:: Task item ::
All lines after the one containing "this 1859×1988 image.", together with that line itself, should be written out exactly, down to the last line of the entries below.

[Saved entries]
━━━━━━━━━━

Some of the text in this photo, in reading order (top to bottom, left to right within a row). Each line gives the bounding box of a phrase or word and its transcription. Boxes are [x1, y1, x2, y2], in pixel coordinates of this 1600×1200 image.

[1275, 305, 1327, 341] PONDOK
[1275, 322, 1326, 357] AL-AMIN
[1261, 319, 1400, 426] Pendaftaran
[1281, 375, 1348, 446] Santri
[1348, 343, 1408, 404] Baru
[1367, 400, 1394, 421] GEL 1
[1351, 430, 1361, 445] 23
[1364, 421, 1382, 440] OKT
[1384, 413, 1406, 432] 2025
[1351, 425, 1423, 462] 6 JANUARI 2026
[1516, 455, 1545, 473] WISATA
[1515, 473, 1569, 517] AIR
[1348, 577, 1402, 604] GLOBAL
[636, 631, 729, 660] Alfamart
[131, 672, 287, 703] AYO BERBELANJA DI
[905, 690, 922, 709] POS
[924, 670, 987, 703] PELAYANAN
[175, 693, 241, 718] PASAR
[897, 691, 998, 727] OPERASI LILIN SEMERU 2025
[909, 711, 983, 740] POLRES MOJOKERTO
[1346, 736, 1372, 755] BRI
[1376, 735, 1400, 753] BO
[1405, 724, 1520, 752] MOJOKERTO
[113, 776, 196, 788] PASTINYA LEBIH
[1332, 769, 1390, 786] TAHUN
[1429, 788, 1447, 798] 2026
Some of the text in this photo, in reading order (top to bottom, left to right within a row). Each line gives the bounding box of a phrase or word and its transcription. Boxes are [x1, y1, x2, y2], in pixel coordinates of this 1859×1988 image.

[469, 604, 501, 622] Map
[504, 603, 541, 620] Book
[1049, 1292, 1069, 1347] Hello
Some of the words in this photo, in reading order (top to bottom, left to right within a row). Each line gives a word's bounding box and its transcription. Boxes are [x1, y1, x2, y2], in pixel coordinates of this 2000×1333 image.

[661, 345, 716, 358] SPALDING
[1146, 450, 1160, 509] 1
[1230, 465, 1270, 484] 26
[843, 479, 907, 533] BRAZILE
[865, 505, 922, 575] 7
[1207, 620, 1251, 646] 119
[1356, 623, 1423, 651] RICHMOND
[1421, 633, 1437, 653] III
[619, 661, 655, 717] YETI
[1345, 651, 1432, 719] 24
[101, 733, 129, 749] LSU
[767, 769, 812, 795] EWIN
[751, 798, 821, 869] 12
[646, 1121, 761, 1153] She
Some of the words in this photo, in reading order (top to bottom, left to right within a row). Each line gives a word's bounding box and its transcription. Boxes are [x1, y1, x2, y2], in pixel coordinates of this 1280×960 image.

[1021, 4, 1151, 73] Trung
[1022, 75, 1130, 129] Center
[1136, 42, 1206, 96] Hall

━━━━━━━━━━

:: Written response ::
Some of the text in this photo, in reading order (top to bottom, left to right within a row). Each line gives the bounding box of a phrase or word and its transcription. Boxes are [x1, y1, x2, y2], in pixel coordinates of this 1859×1988 image.

[469, 604, 501, 622] Map
[504, 603, 541, 620] Book
[1049, 1292, 1069, 1347] Hello
Some of the words in this photo, in reading order (top to bottom, left to right within a row). Each line gives a word's bounding box and its transcription. Boxes are [x1, y1, x2, y2], in pixel coordinates of this 2000×1333 image.

[661, 345, 716, 358] SPALDING
[1146, 450, 1160, 509] 1
[1230, 465, 1270, 484] 26
[843, 479, 907, 533] BRAZILE
[865, 505, 922, 575] 7
[1207, 620, 1251, 646] 119
[1356, 623, 1423, 651] RICHMOND
[1421, 633, 1437, 653] III
[619, 661, 655, 717] YETI
[1345, 651, 1432, 719] 24
[101, 733, 129, 749] LSU
[767, 769, 812, 795] EWIN
[751, 798, 821, 869] 12
[646, 1121, 761, 1153] She
Some of the words in this photo, in reading order (top to bottom, left to right within a row). Each line gives a word's bounding box and its transcription. Boxes are [x1, y1, x2, y2], in pixel coordinates of this 1280×960 image.

[1021, 4, 1151, 73] Trung
[1022, 75, 1130, 129] Center
[1136, 42, 1206, 96] Hall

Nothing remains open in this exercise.